Basically, you are pitching a certain number of cells into your wort (X) which then grows to a larger number of cells (Y) during the growth phase.

If you calculate Y as the max cell density per liter of wort and estimate X, there is a formula you can use to determine how many growth cycles it takes for X cells to become Y cells.

It isn’t really necessary.

More info can be found here if you are interested:

Yeast and Fermentation / Re: Are We All Overpitching All Dry Yeasts?!
« on: September 23, 2016, 10:28:03 AM »
What I mean is that you want to pitch at your target rate (whatever that may be), not be at your target rate after several replication periods.

Assuming a max cell density of 200B cells per liter, Philbrew's analysis below was correct.

If you want the beer at high kraeusen to have 200B cells/liter* in 21L, that's 4200B cells.  If you want to get there in 4 doublings (should be enough lipids for 4 replications without O2), you need to start with 262.5B cells.

Yeast and Fermentation / Re: Are We All Overpitching All Dry Yeasts?!
« on: September 23, 2016, 09:41:02 AM »
I think you've accidentally squared the math.  For a standard beer of about 1.055 OG, you want 7B cells/liter, so in 21L (5 gal), that's ~150B cells/5 gal, or let's say 200B like you had.  Not 4200B!!!!  So divide 200B by 16 and you get... 12.5B, which is only a quarter of a sachet for 5 gallons!!!!

I think you are confusing the recommended initial pitch rate from the paper you linked to (1M cells per milliliter per degree Plate) with final maximum cell count (200B cells per liter).

Ingredients / Re: Brewtan B
« on: September 21, 2016, 11:58:39 AM »
I'd be curious to hear from the manufacturer on the storage issue.  Question for the podcast maybe?

I've been vacuum sealing it for no particular reason.

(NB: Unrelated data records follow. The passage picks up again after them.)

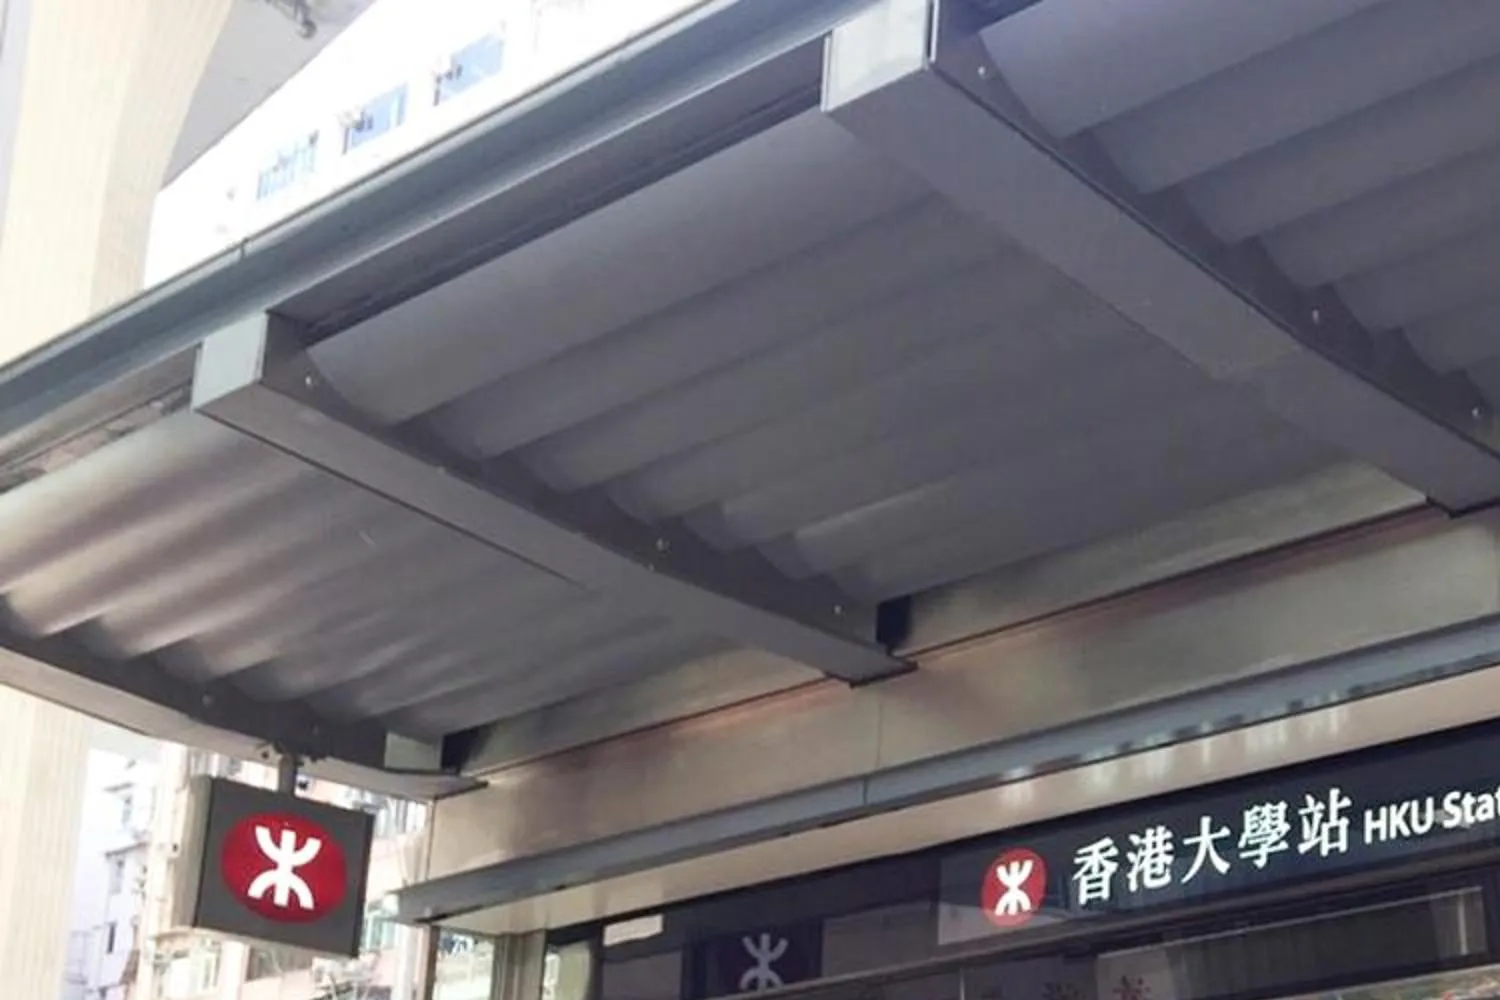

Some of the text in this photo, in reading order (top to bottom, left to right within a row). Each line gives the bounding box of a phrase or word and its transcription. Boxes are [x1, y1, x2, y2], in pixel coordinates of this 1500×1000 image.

[1072, 787, 1352, 905] 香港大學站
[1363, 796, 1435, 845] HKU
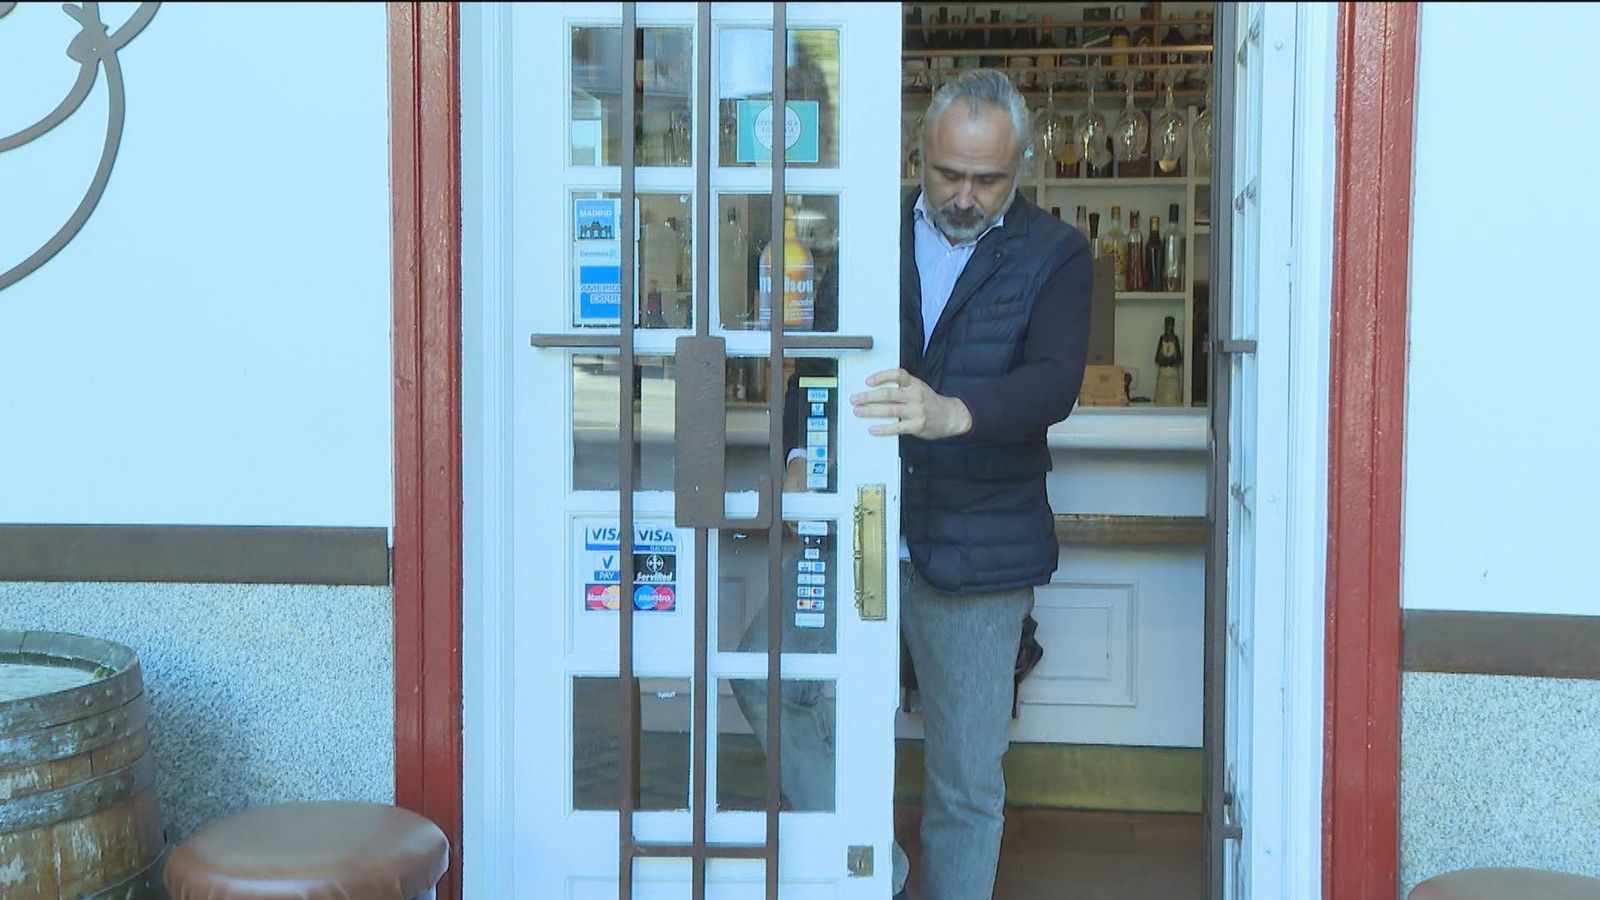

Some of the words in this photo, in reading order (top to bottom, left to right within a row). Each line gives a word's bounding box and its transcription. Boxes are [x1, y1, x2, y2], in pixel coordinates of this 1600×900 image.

[580, 209, 612, 217] MADRID
[592, 528, 620, 541] VIS
[639, 529, 673, 542] VISA
[603, 555, 613, 569] V
[600, 572, 614, 580] PAY
[637, 572, 673, 582] ServiRed
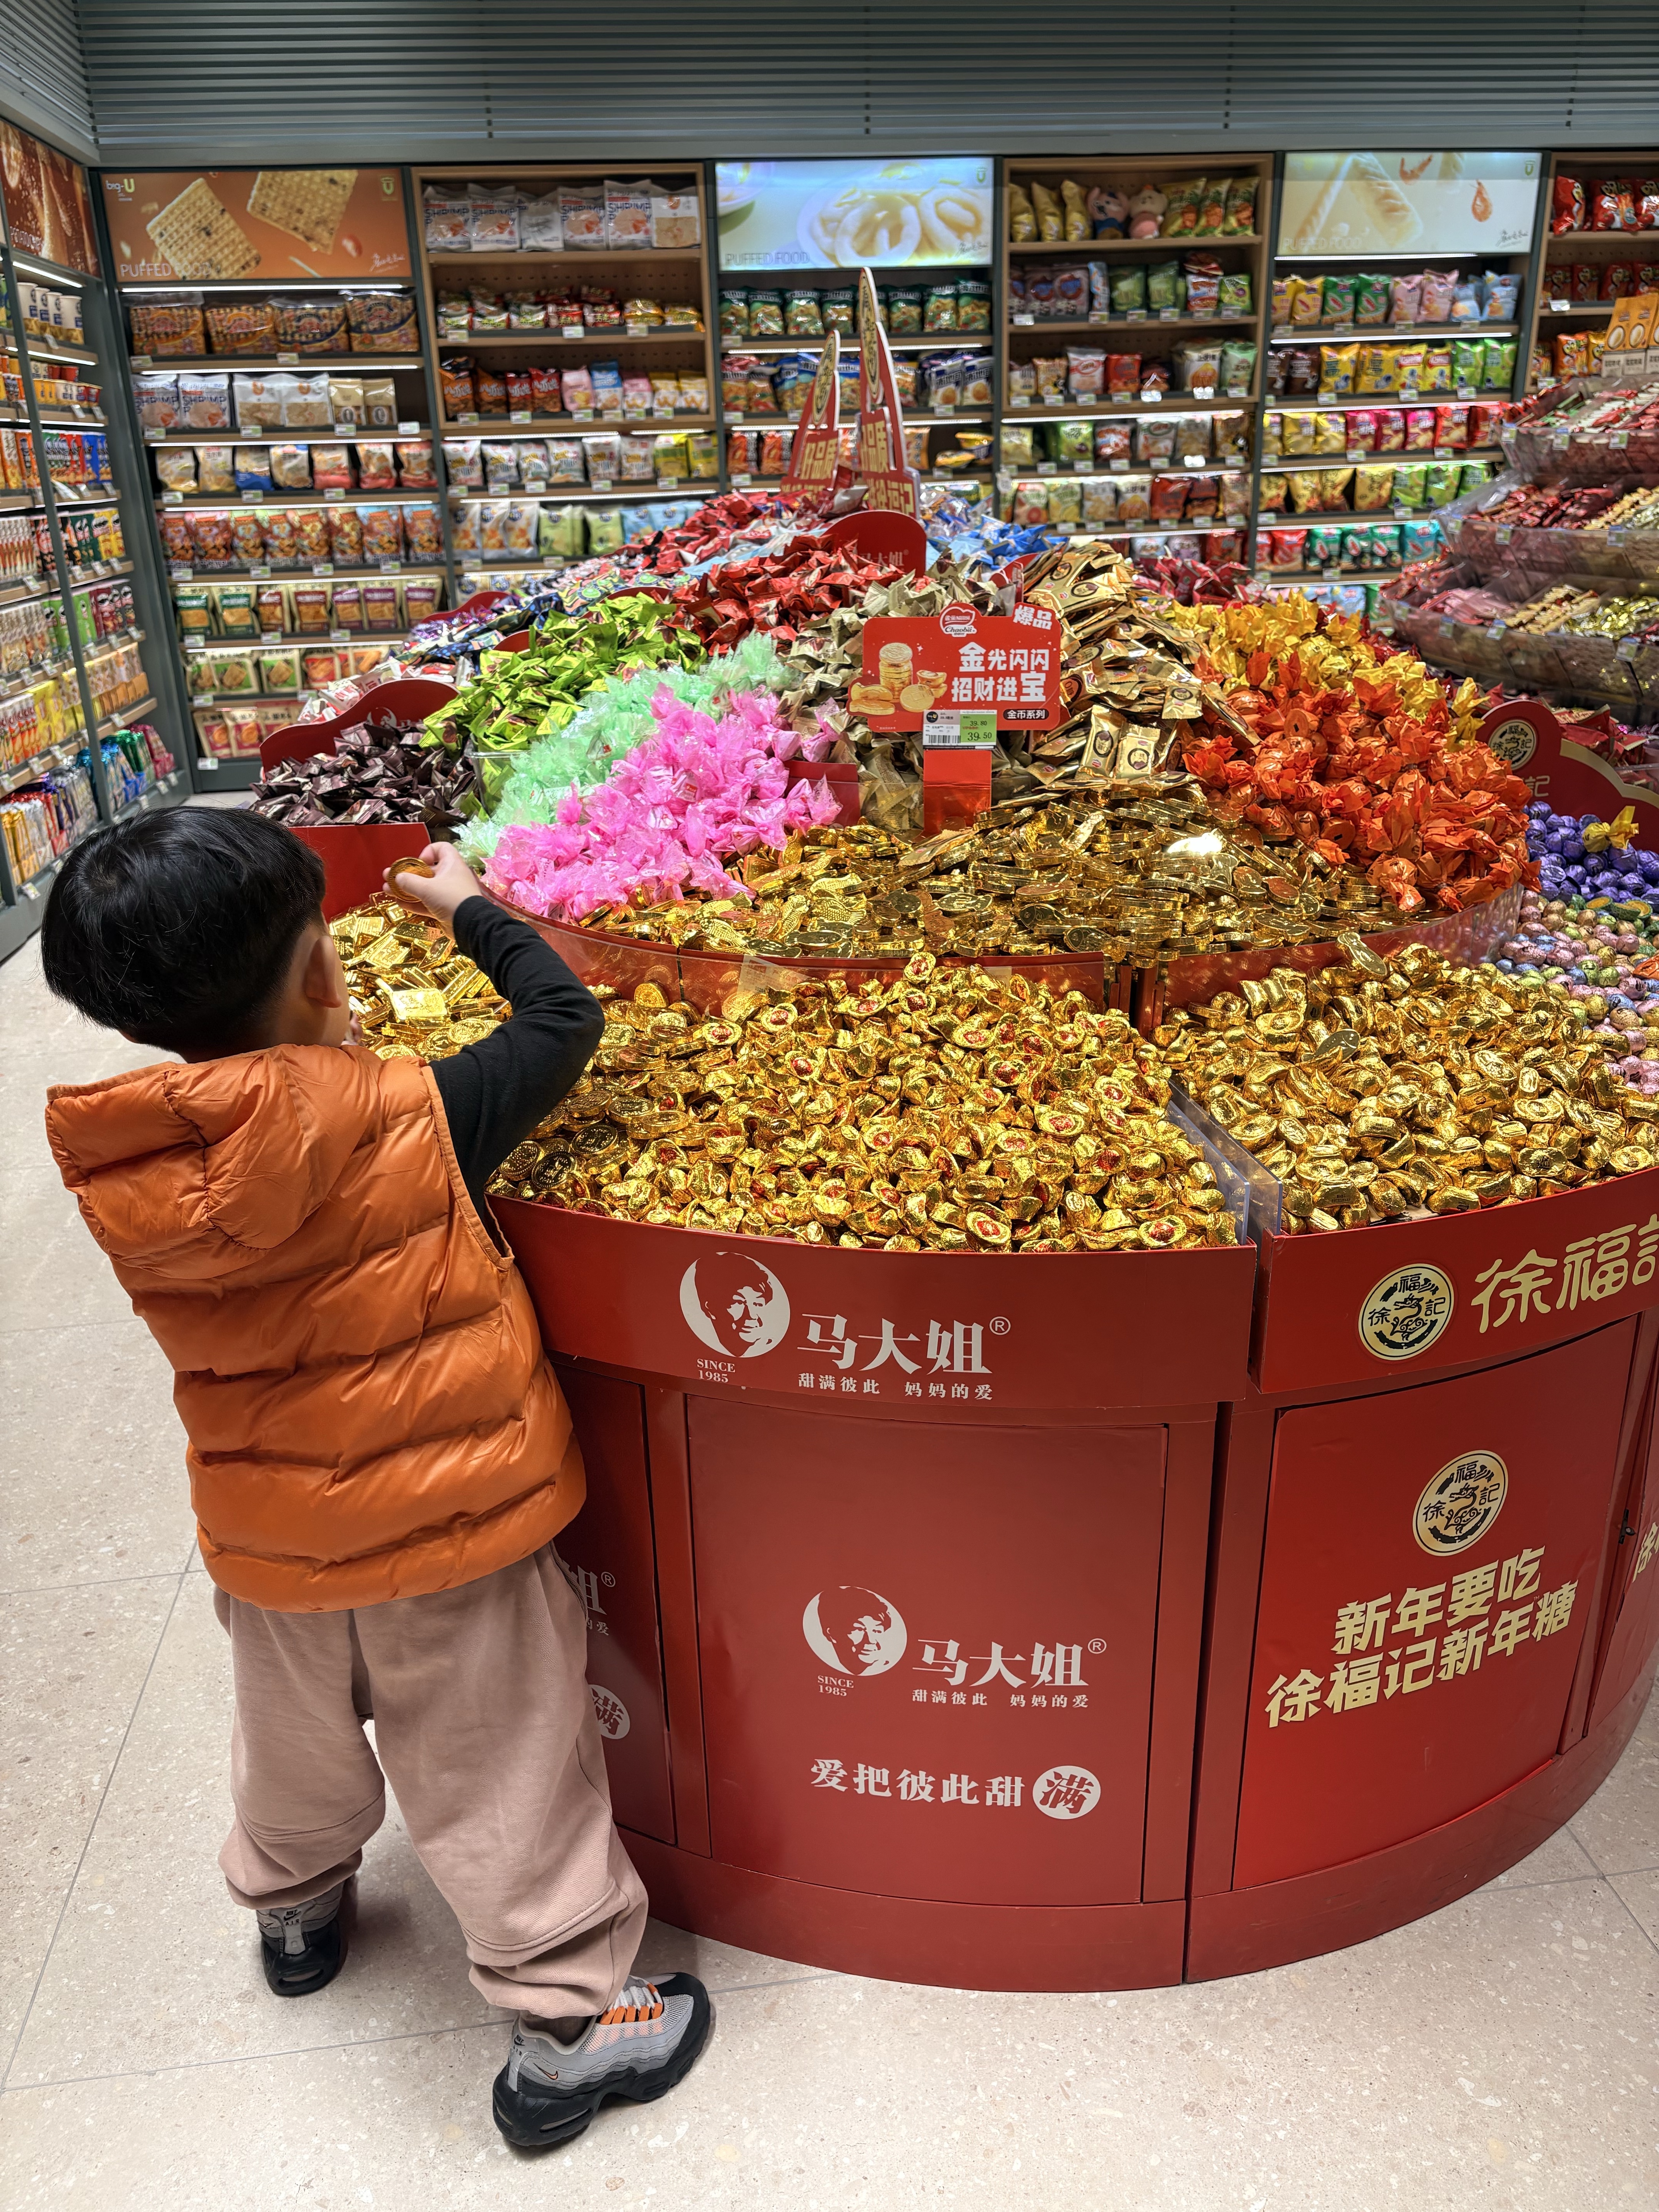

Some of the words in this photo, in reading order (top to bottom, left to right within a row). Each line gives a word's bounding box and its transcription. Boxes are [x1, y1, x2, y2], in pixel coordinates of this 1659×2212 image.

General Homebrew Discussion / Re: Experimental Brewing podcast Episode 23
« on: September 16, 2016, 09:34:36 AM »
The Russell Everett interview was a good one.

Yeast and Fermentation / Re: Best Way to Aerate Wort
« on: September 15, 2016, 10:48:21 AM »
If there's enough cells in a dry yeast pack such that there is no cell growth, you could never have an overpitch by re-using a yeast cake, right?

If you pitch a single packet of dry yeast into 5 gallons of wort, there will be several replication periods.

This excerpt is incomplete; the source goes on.